» **Exercise**
Repeat the entries below exactly. Drop the pictures.
• • •
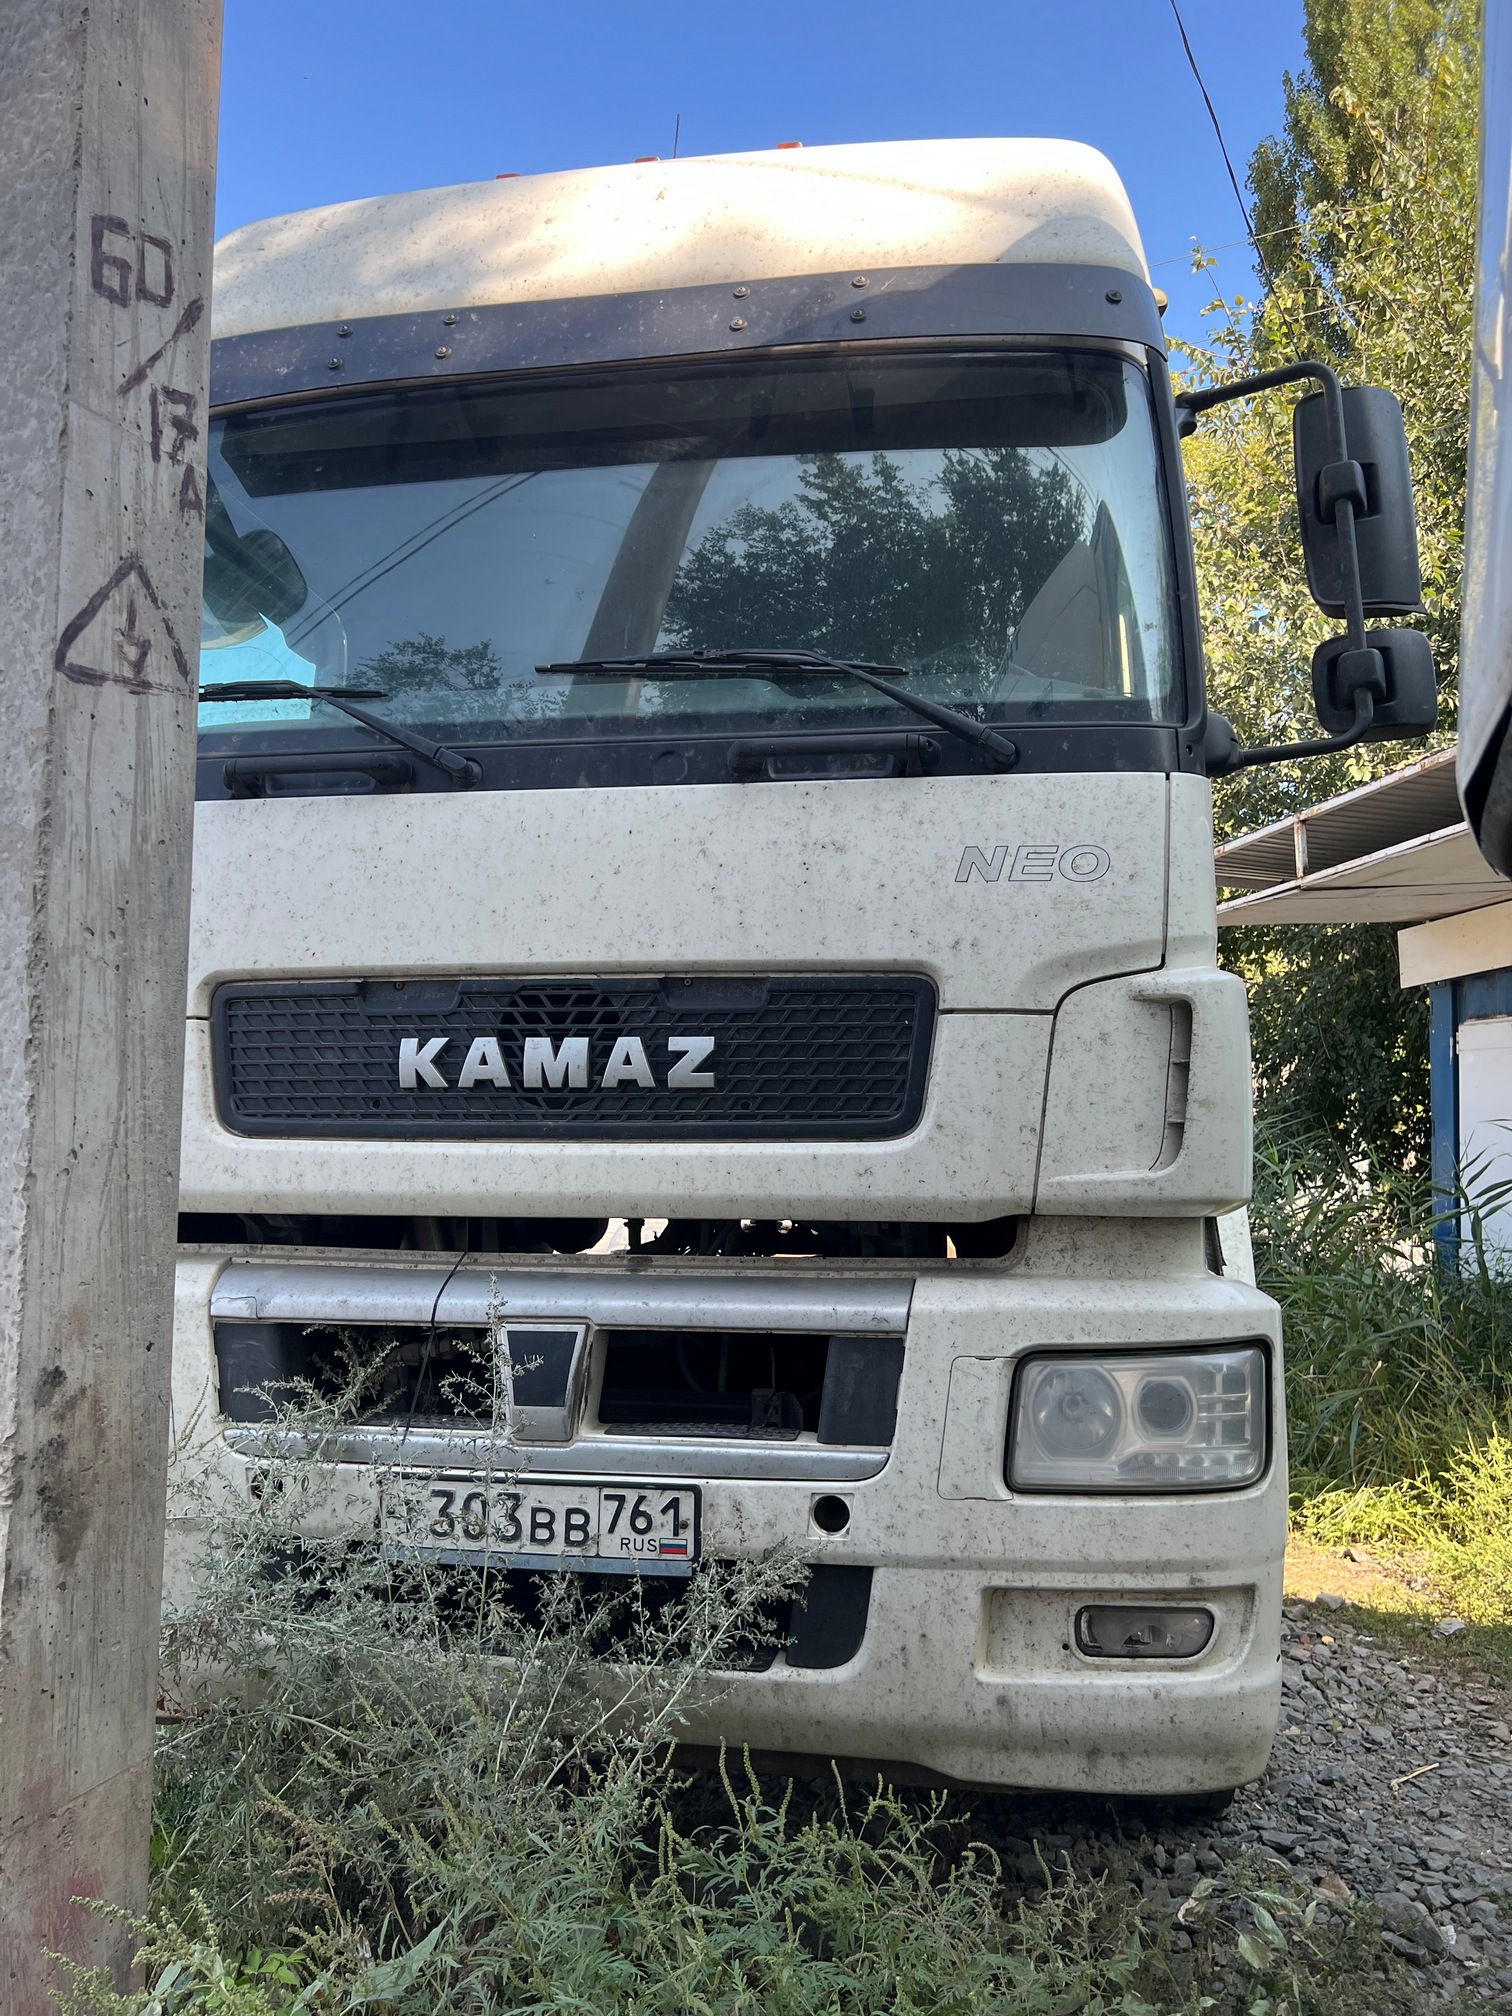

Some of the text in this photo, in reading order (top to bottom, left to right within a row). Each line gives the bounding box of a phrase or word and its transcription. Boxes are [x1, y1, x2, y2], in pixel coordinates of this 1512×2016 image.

[954, 844, 1111, 883] NEO
[398, 1036, 716, 1089] KAMAZ
[602, 1493, 681, 1537] 761
[619, 1537, 658, 1553] RUS
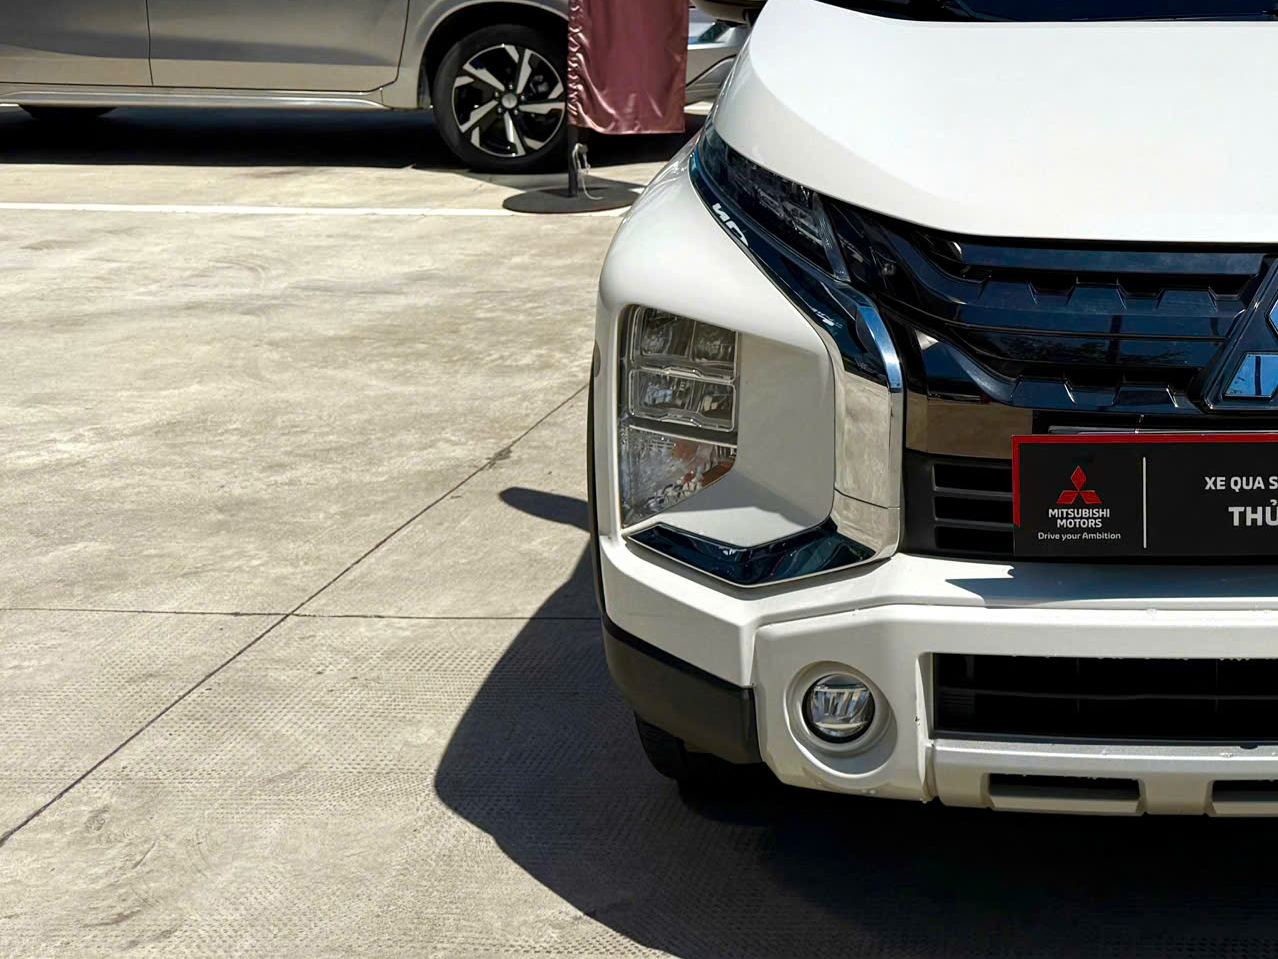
• • •
» **Answer to this task**
Some of the text in this photo, in reading order (top to bottom, left to right within a row). Each line gives the bounding box of a phrase or word and its transcription. Boxes are [x1, y1, x2, y2], in pixel coordinates of this 1512×2016 image.

[954, 844, 1111, 883] NEO
[398, 1036, 716, 1089] KAMAZ
[602, 1493, 681, 1537] 761
[619, 1537, 658, 1553] RUS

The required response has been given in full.